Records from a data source
^^^^^^^^

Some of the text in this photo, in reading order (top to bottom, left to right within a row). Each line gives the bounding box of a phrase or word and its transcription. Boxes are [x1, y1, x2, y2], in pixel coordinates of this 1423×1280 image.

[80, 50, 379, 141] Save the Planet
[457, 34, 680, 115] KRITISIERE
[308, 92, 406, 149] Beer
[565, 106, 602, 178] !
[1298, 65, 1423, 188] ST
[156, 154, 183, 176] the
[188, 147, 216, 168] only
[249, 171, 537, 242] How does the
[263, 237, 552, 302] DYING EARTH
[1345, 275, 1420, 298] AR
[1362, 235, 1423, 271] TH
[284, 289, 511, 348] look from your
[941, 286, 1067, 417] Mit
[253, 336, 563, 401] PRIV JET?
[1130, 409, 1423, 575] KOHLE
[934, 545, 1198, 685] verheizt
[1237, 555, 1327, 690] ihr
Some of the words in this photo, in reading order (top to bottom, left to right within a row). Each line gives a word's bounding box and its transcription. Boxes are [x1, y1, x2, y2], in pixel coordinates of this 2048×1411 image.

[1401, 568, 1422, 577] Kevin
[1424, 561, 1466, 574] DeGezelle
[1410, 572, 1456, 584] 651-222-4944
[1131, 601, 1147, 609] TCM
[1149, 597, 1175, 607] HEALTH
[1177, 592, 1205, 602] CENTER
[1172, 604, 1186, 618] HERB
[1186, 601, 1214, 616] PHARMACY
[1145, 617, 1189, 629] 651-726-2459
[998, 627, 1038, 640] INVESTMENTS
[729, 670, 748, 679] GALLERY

^^^^^^^^

▶ _Exercise aim_: Reproduce all the entries above. Match them exactly.

▶ _Task response_:
Some of the text in this photo, in reading order (top to bottom, left to right within a row). Each line gives the bounding box of a phrase or word and its transcription. Boxes are [x1, y1, x2, y2], in pixel coordinates of this 1423×1280 image.

[80, 50, 379, 141] Save the Planet
[457, 34, 680, 115] KRITISIERE
[308, 92, 406, 149] Beer
[565, 106, 602, 178] !
[1298, 65, 1423, 188] ST
[156, 154, 183, 176] the
[188, 147, 216, 168] only
[249, 171, 537, 242] How does the
[263, 237, 552, 302] DYING EARTH
[1345, 275, 1420, 298] AR
[1362, 235, 1423, 271] TH
[284, 289, 511, 348] look from your
[941, 286, 1067, 417] Mit
[253, 336, 563, 401] PRIV JET?
[1130, 409, 1423, 575] KOHLE
[934, 545, 1198, 685] verheizt
[1237, 555, 1327, 690] ihr
Some of the words in this photo, in reading order (top to bottom, left to right within a row). Each line gives a word's bounding box and its transcription. Boxes are [x1, y1, x2, y2], in pixel coordinates of this 2048×1411 image.

[1401, 568, 1422, 577] Kevin
[1424, 561, 1466, 574] DeGezelle
[1410, 572, 1456, 584] 651-222-4944
[1131, 601, 1147, 609] TCM
[1149, 597, 1175, 607] HEALTH
[1177, 592, 1205, 602] CENTER
[1172, 604, 1186, 618] HERB
[1186, 601, 1214, 616] PHARMACY
[1145, 617, 1189, 629] 651-726-2459
[998, 627, 1038, 640] INVESTMENTS
[729, 670, 748, 679] GALLERY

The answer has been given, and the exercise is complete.